→ WORK ITEM: Please retype every entry as written, and keep the pictures out.

→ Image-backed grounding data:
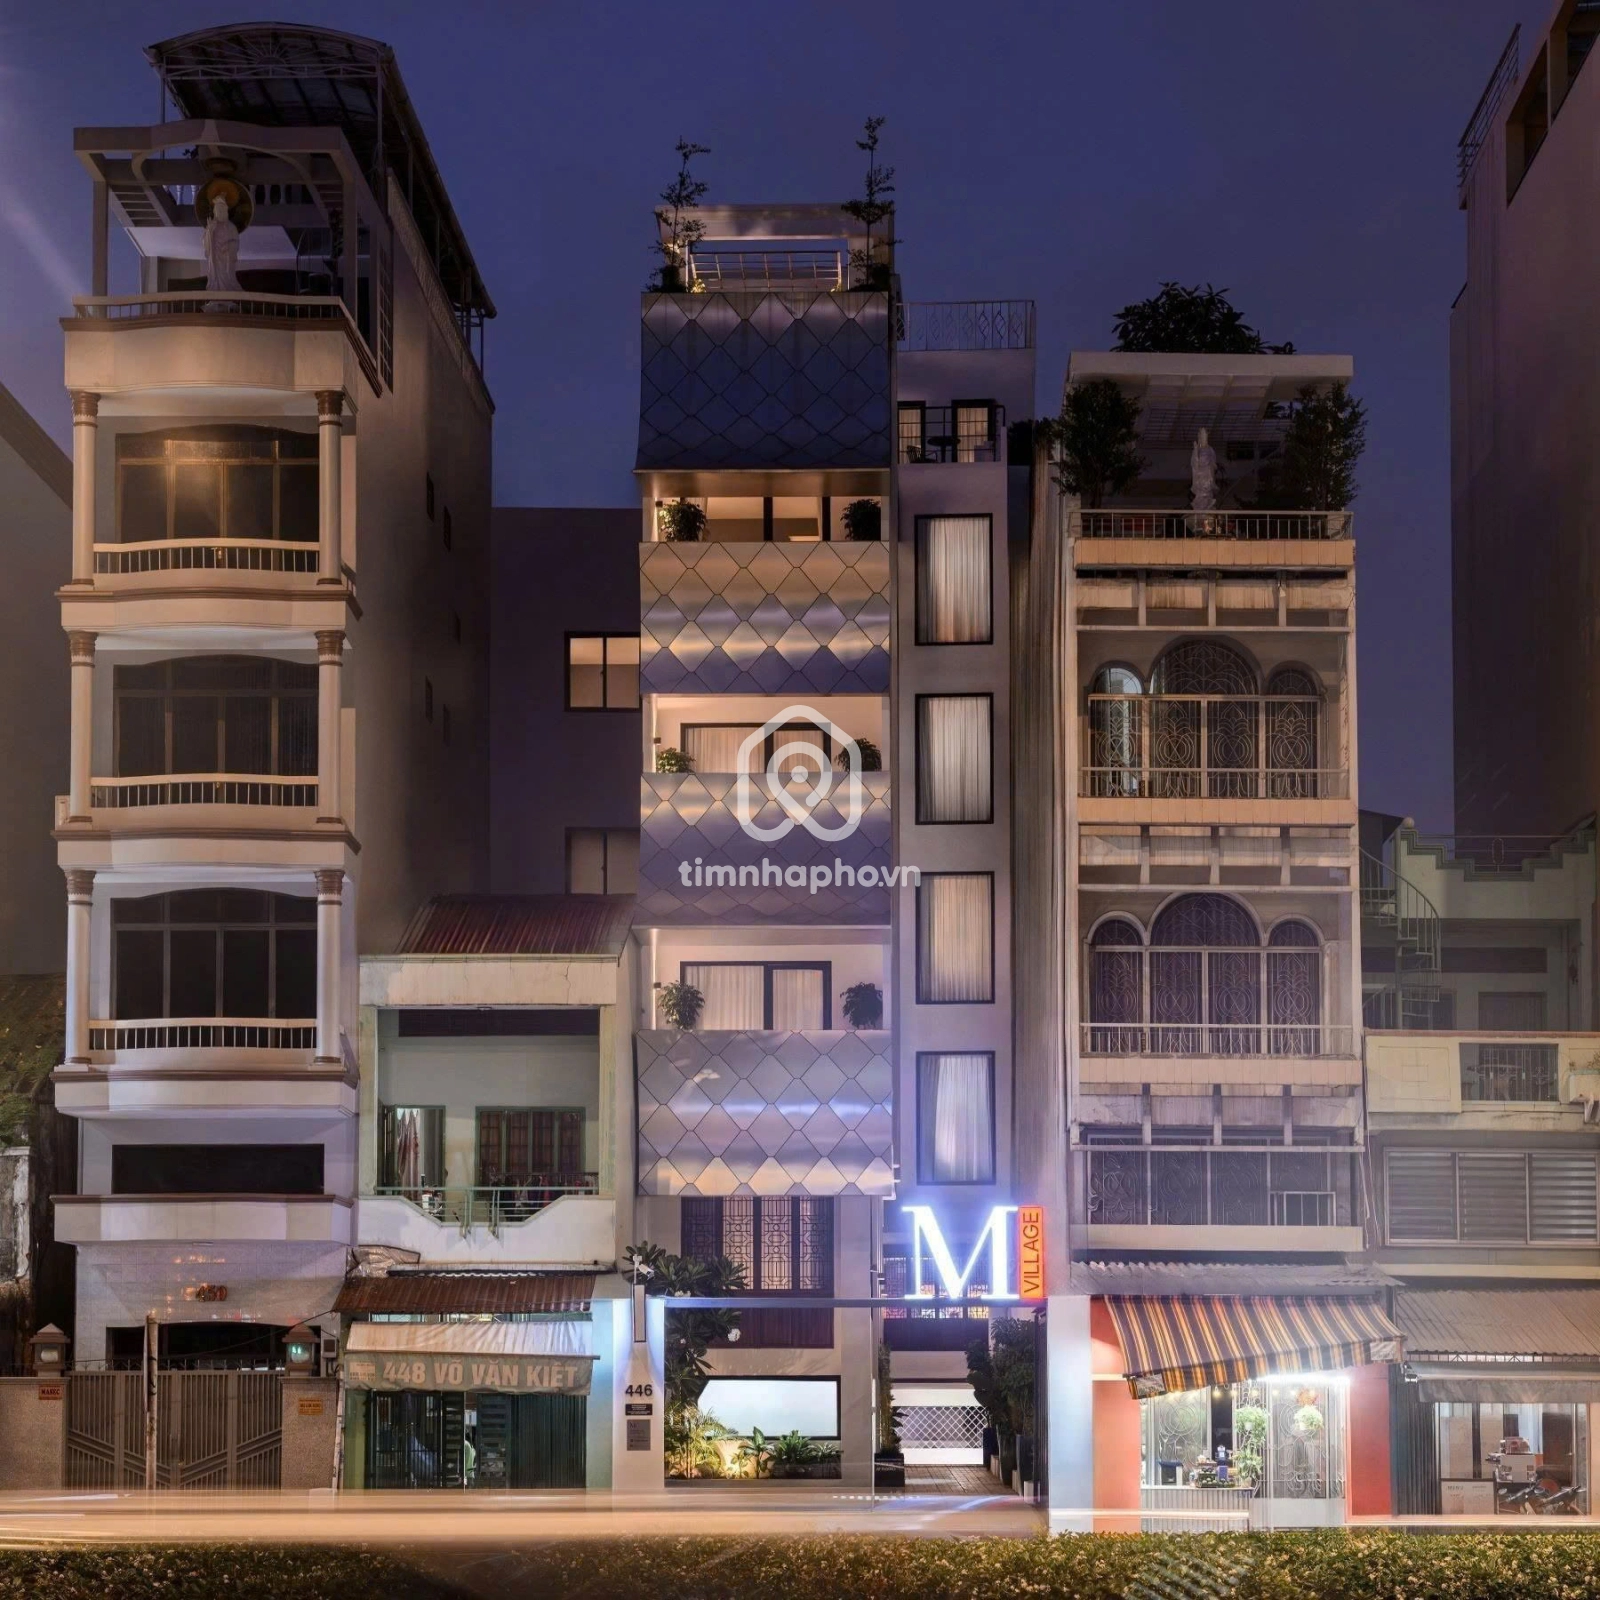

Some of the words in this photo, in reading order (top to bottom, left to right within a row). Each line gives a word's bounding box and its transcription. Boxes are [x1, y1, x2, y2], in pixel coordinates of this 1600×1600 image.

[901, 1205, 1019, 1300] M
[1023, 1212, 1040, 1293] VILLAGE
[383, 1361, 426, 1384] 448
[434, 1359, 464, 1385] VÕ
[471, 1359, 519, 1387] VĂN
[625, 1384, 653, 1397] 446
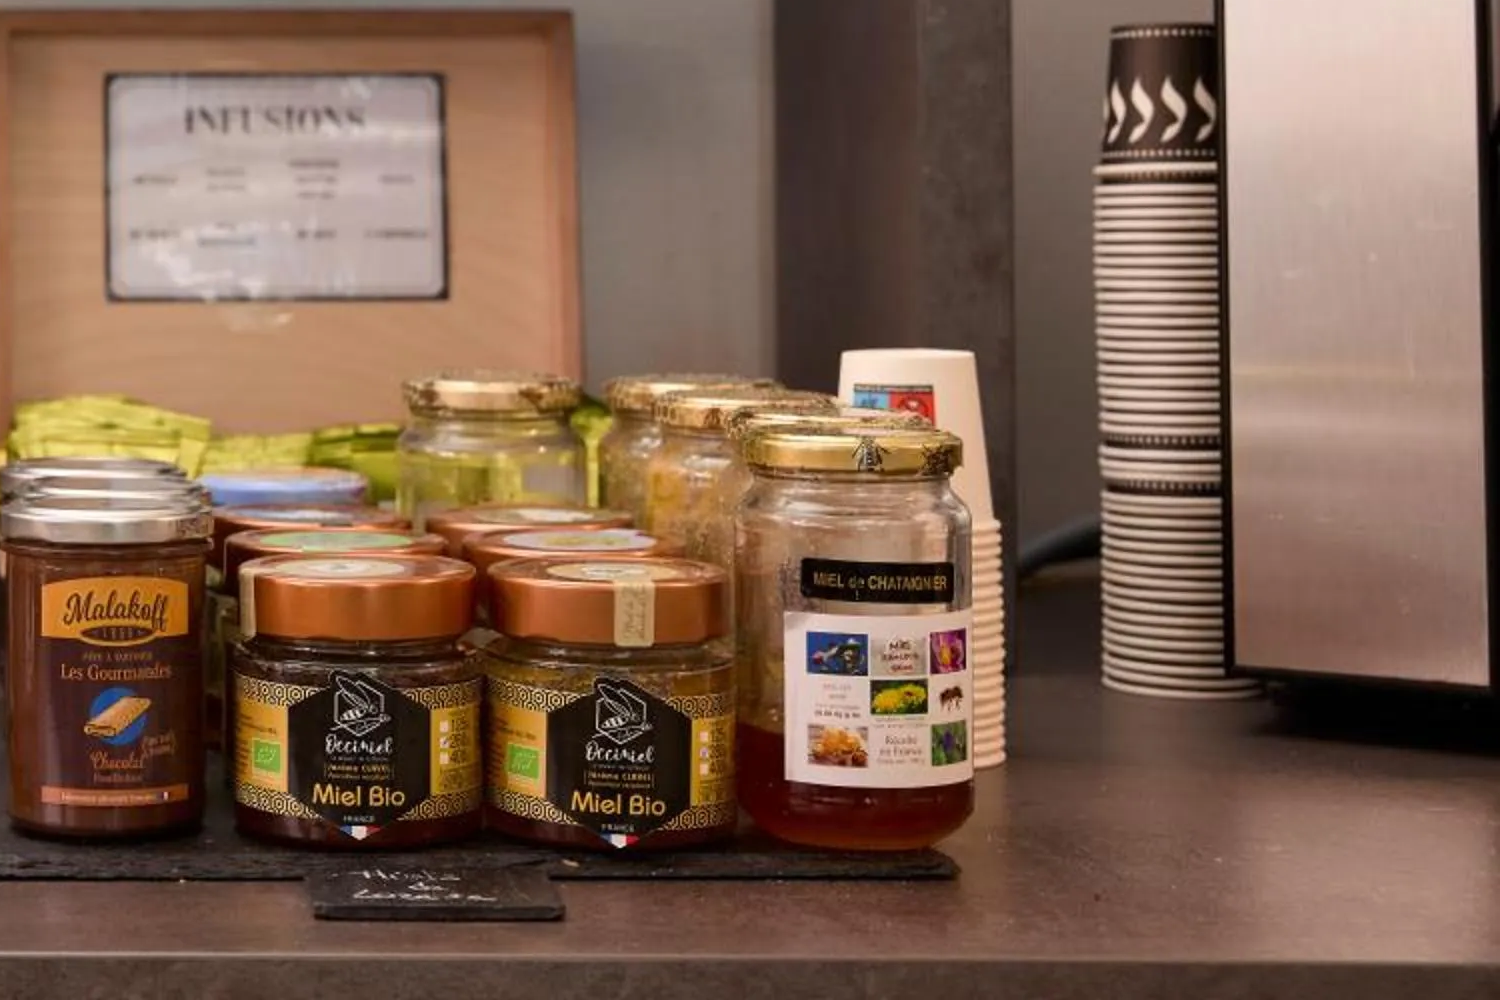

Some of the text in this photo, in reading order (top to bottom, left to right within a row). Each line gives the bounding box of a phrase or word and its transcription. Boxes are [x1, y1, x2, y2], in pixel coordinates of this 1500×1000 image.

[185, 105, 366, 134] INFUSIONS
[813, 571, 948, 591] MIEL de CHATAIGNIER
[63, 589, 169, 633] Malakoff
[61, 661, 173, 682] Les Gourmandes
[312, 782, 406, 807] Miel Bio
[571, 789, 666, 817] Miel Bio
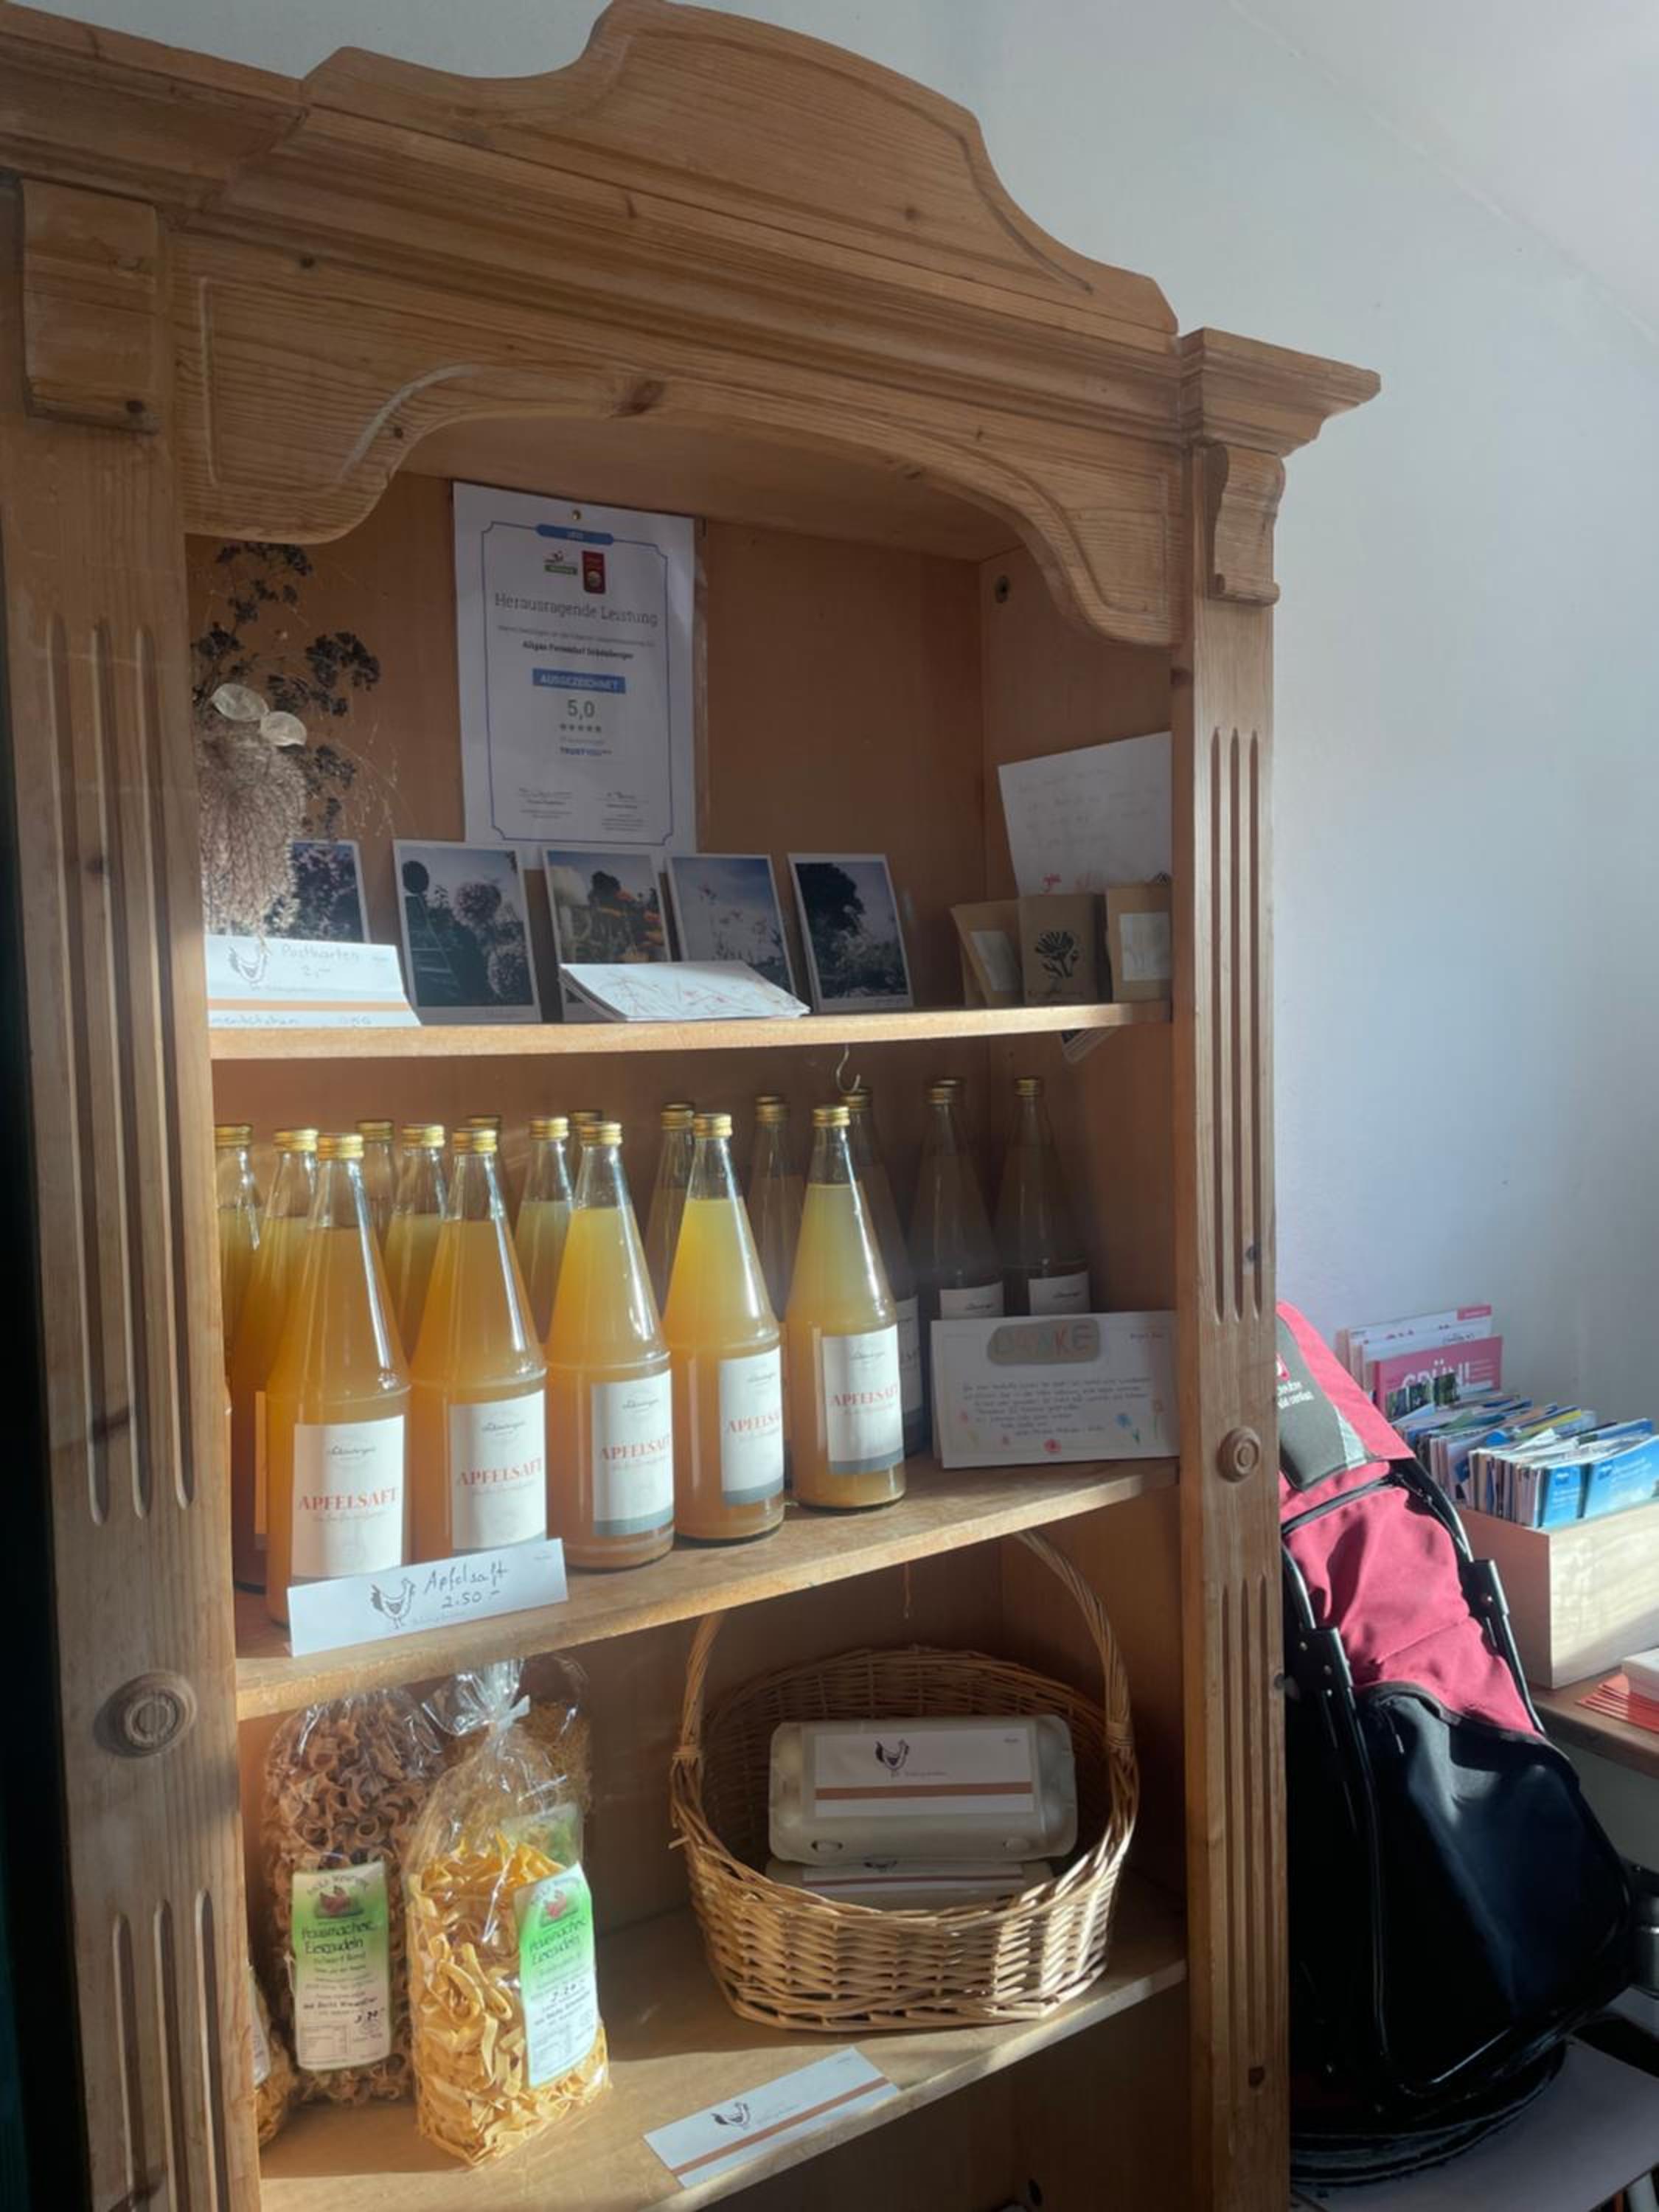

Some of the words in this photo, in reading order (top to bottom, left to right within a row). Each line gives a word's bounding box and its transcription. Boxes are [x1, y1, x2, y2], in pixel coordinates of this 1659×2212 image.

[495, 590, 597, 618] Herausragende
[601, 605, 658, 627] Leistung
[540, 672, 619, 690] AUSGEZEICHNET
[567, 699, 595, 720] 5,0
[458, 1457, 542, 1486] APFELSAFT
[298, 1487, 397, 1511] APFELSAFT
[424, 1559, 509, 1594] Apfelsaft

→ EXERCISE SOLUTION:
Some of the words in this photo, in reading order (top to bottom, left to right within a row). Each line gives a word's bounding box and its transcription. Boxes are [x1, y1, x2, y2], in pixel coordinates of this 1600×1600 image.

[901, 1205, 1019, 1300] M
[1023, 1212, 1040, 1293] VILLAGE
[383, 1361, 426, 1384] 448
[434, 1359, 464, 1385] VÕ
[471, 1359, 519, 1387] VĂN
[625, 1384, 653, 1397] 446

Some of the text in this photo, in reading order (top to bottom, left to right within a row). Each line gives the bounding box of a phrase or word and its transcription. Boxes are [x1, y1, x2, y2], in pixel coordinates of this 1500×1000 image.

[185, 105, 366, 134] INFUSIONS
[813, 571, 948, 591] MIEL de CHATAIGNIER
[63, 589, 169, 633] Malakoff
[61, 661, 173, 682] Les Gourmandes
[312, 782, 406, 807] Miel Bio
[571, 789, 666, 817] Miel Bio

Some of the words in this photo, in reading order (top to bottom, left to right within a row). Each line gives a word's bounding box and its transcription. Boxes are [x1, y1, x2, y2], in pixel coordinates of this 1659×2212 image.

[495, 590, 597, 618] Herausragende
[601, 605, 658, 627] Leistung
[540, 672, 619, 690] AUSGEZEICHNET
[567, 699, 595, 720] 5,0
[458, 1457, 542, 1486] APFELSAFT
[298, 1487, 397, 1511] APFELSAFT
[424, 1559, 509, 1594] Apfelsaft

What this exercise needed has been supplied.